* _ACTIVITY_: Return the full listing unchanged, apart from leaving out its images.

________________

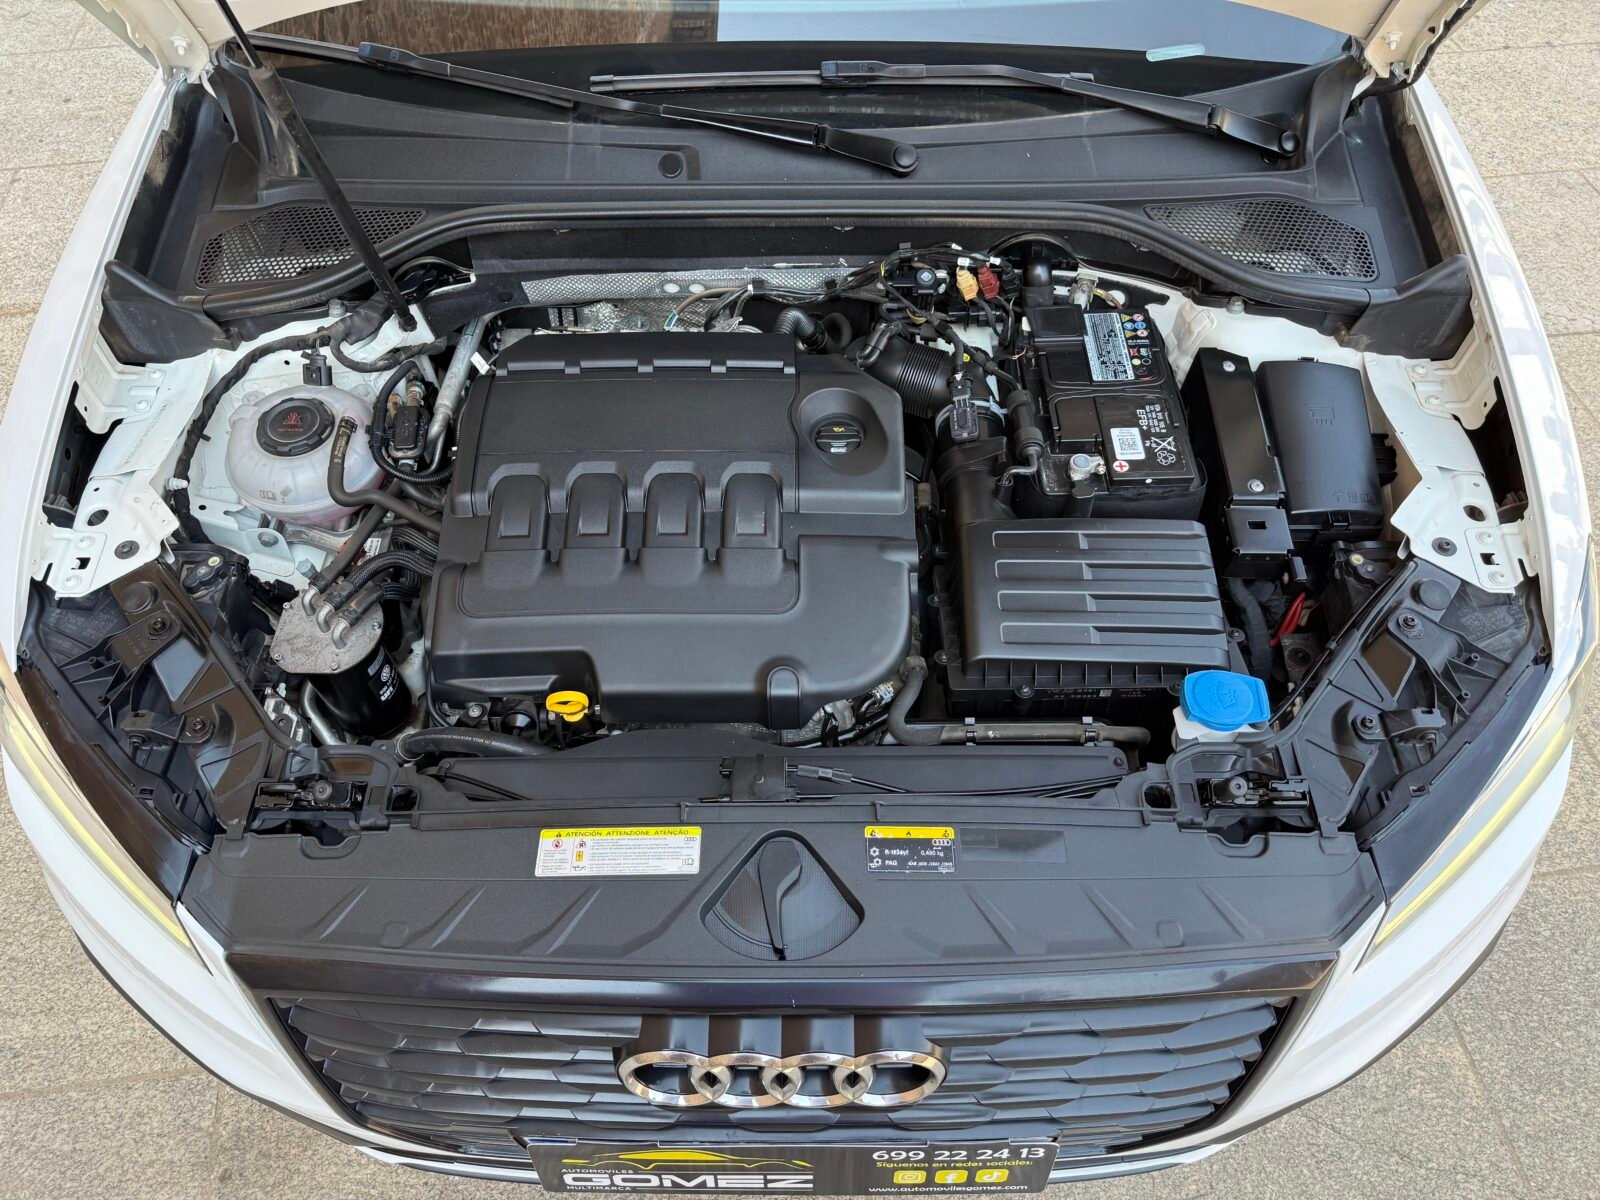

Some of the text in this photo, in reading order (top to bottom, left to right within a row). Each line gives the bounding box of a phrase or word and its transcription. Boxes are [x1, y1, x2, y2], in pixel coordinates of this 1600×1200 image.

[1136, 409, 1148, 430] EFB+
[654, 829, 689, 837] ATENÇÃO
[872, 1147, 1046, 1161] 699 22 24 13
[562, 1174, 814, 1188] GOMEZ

________________

* _RESPONSE FOR THIS EXERCISE_:
Some of the text in this photo, in reading order (top to bottom, left to right within a row). Each line gives the bounding box of a phrase or word and its transcription. Boxes are [x1, y1, x2, y2], in pixel coordinates of this 1600×1200 image.

[1136, 409, 1148, 430] EFB+
[654, 829, 689, 837] ATENÇÃO
[872, 1147, 1046, 1161] 699 22 24 13
[562, 1174, 814, 1188] GOMEZ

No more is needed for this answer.